● Task instructions: Reproduce the data below in full and exclude every picture.

● Data section:
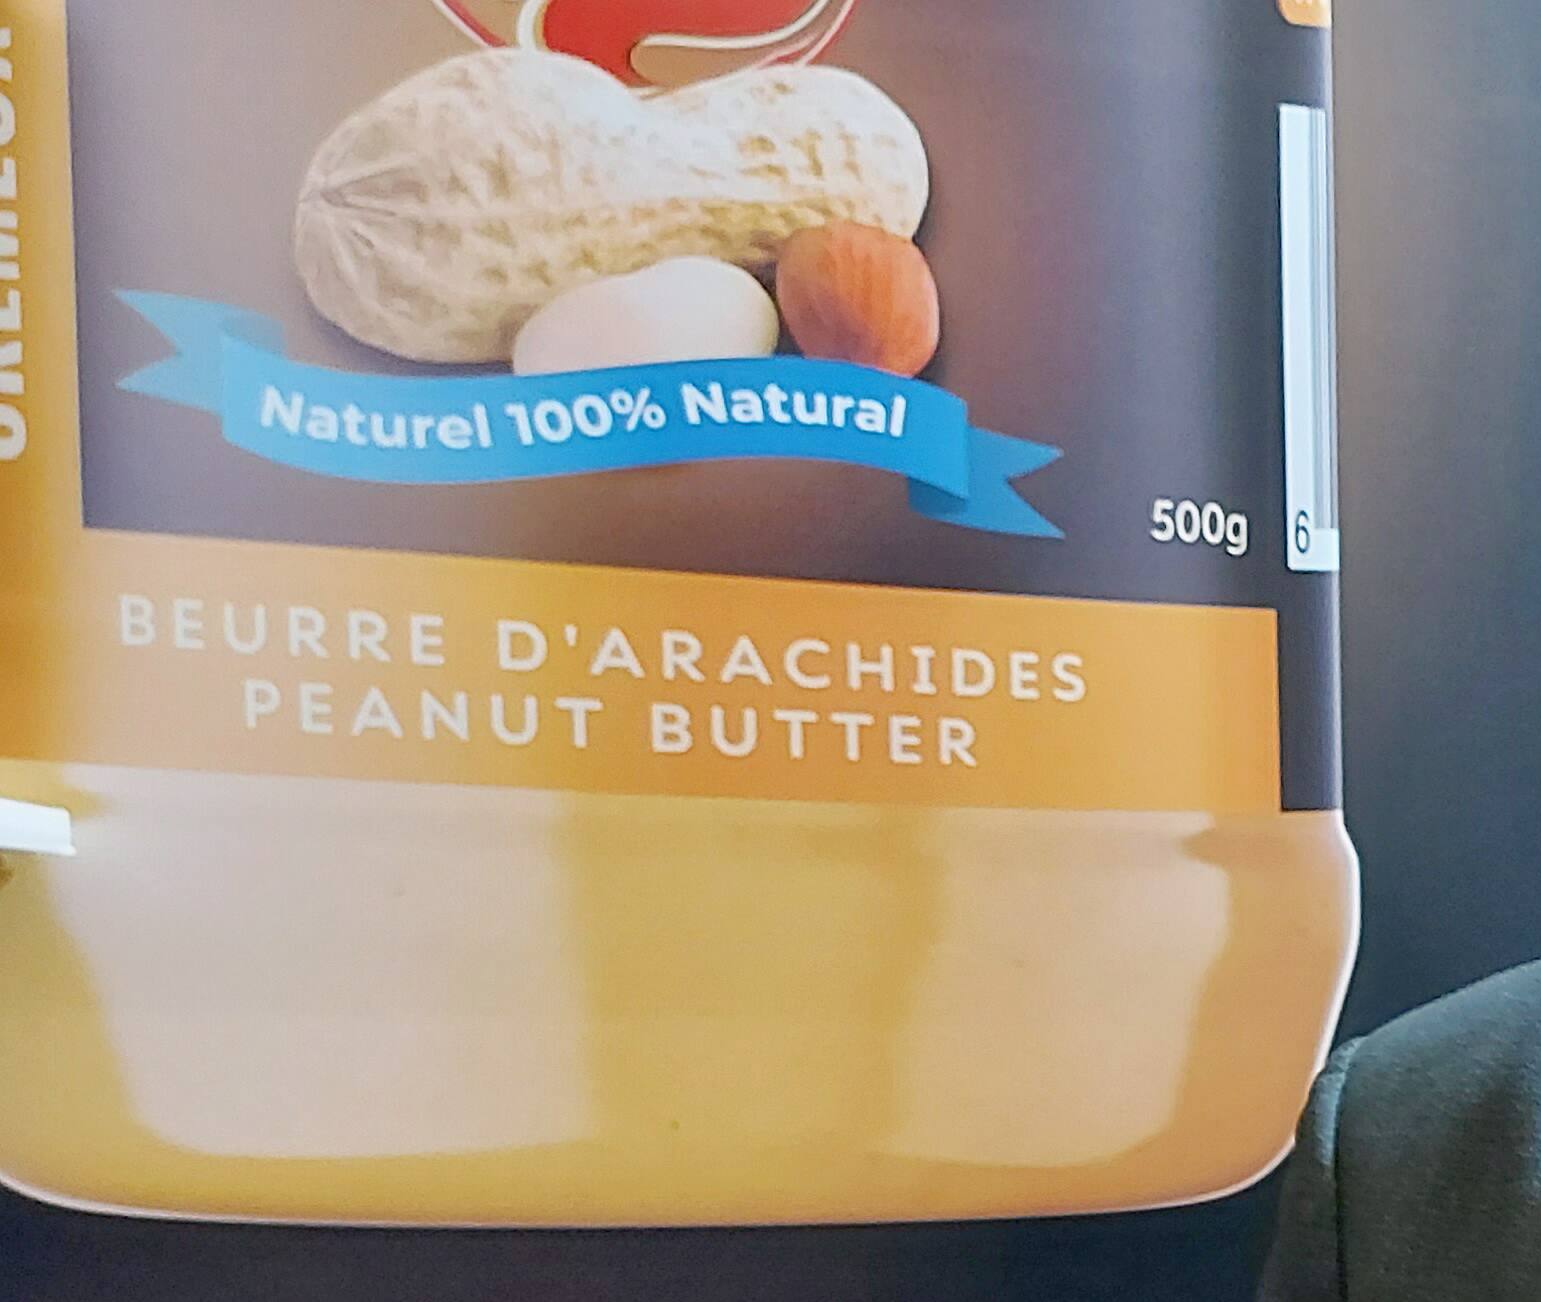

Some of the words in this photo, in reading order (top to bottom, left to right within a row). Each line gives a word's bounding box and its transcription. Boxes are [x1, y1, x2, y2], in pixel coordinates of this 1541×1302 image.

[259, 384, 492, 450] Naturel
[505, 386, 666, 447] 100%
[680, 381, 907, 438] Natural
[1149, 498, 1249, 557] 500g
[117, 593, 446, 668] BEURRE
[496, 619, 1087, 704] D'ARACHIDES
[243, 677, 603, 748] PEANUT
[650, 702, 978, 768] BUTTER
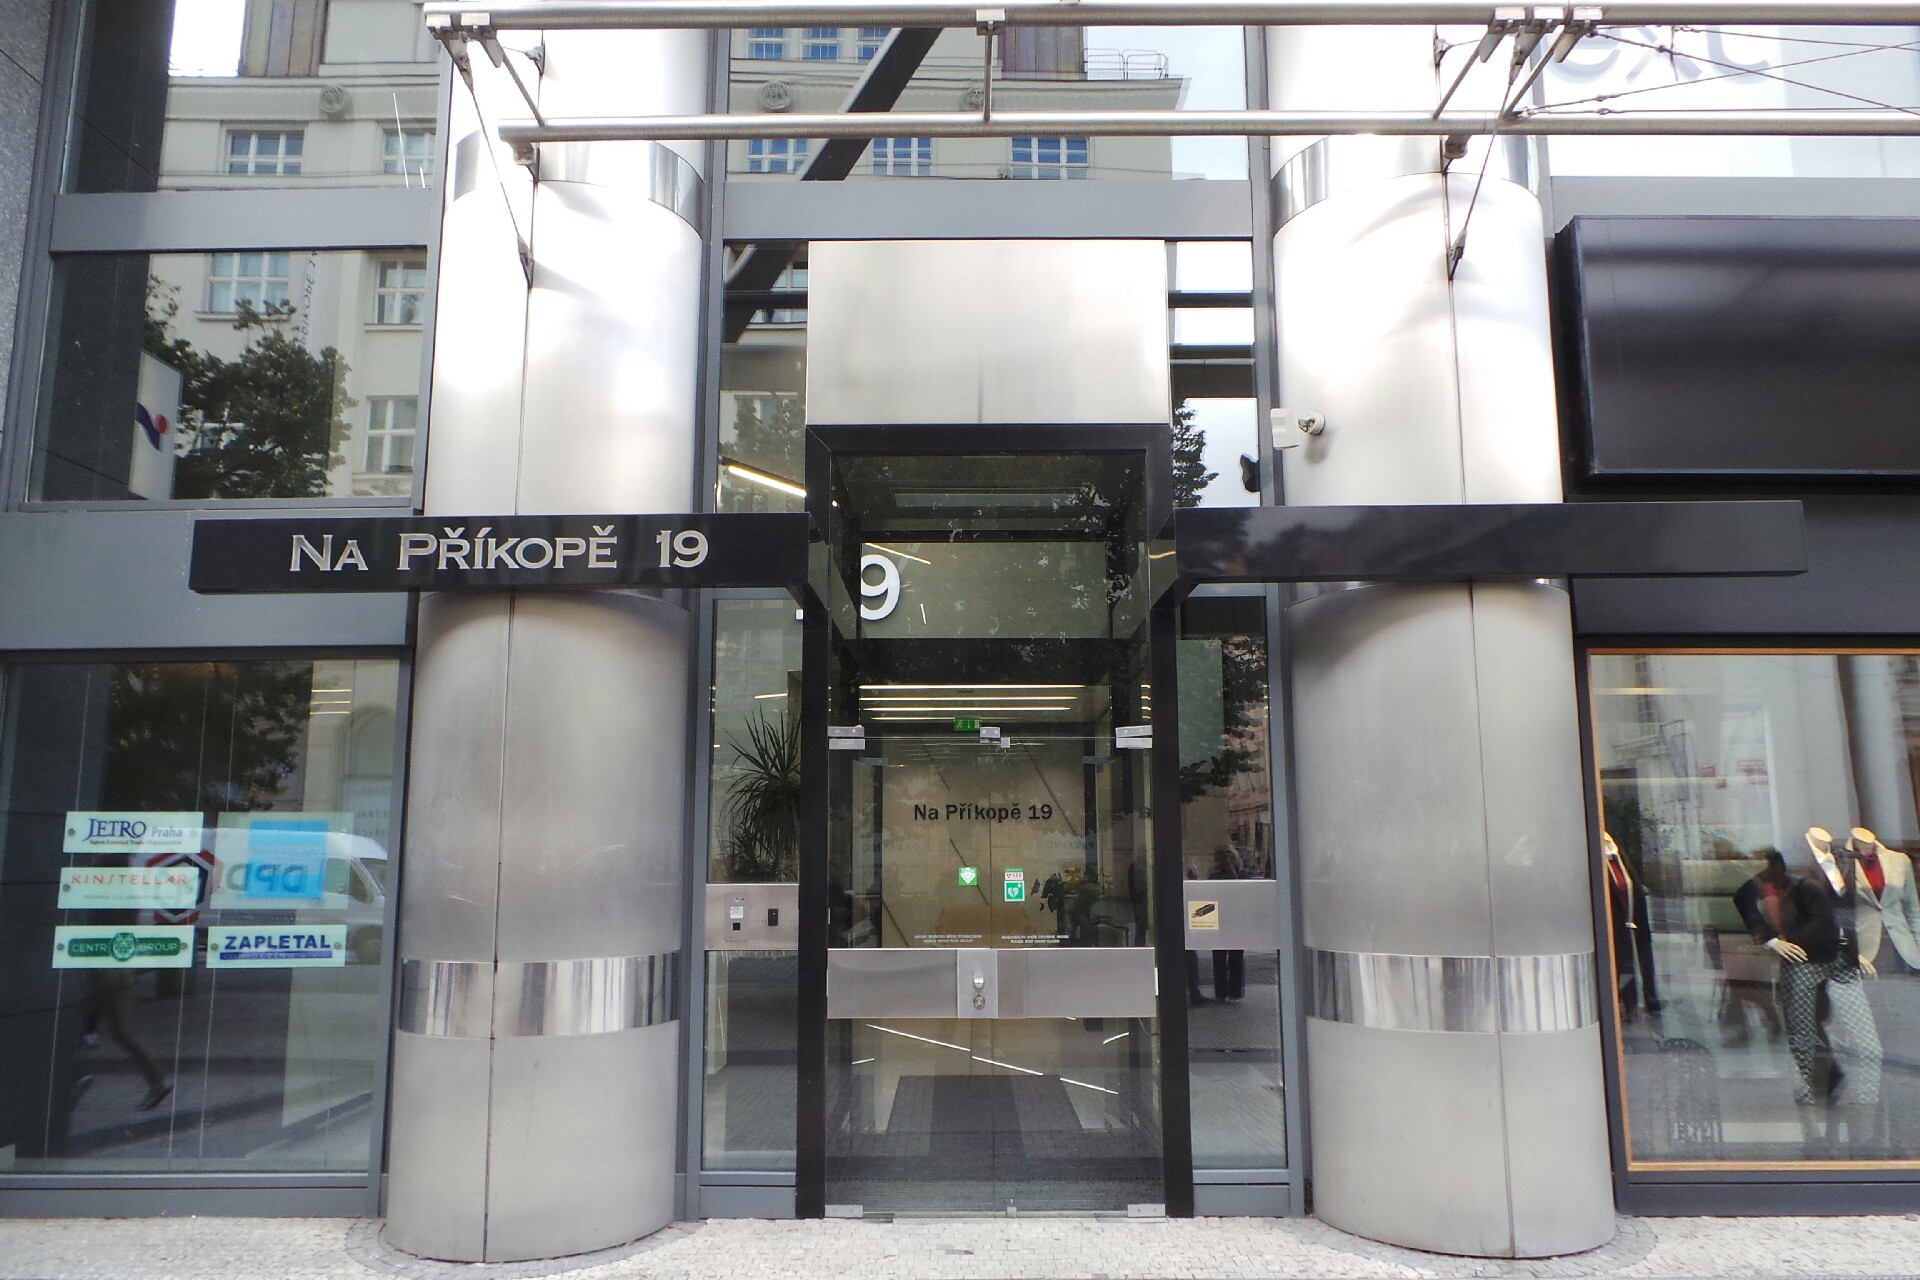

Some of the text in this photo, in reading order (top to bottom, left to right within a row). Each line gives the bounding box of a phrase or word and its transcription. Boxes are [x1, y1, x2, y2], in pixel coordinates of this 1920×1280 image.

● Solution:
Some of the words in this photo, in reading order (top to bottom, left to right within a row). Each line gives a word's bounding box and its transcription. Boxes are [x1, y1, x2, y2], in pixel coordinates of this 1541×1302 image.

[259, 384, 492, 450] Naturel
[505, 386, 666, 447] 100%
[680, 381, 907, 438] Natural
[1149, 498, 1249, 557] 500g
[117, 593, 446, 668] BEURRE
[496, 619, 1087, 704] D'ARACHIDES
[243, 677, 603, 748] PEANUT
[650, 702, 978, 768] BUTTER

Some of the text in this photo, in reading order (top to bottom, left to right within a row). Each line gives the bounding box of a phrase or word and its transcription. Boxes are [x1, y1, x2, y2], in pixel coordinates of this 1920×1280 image.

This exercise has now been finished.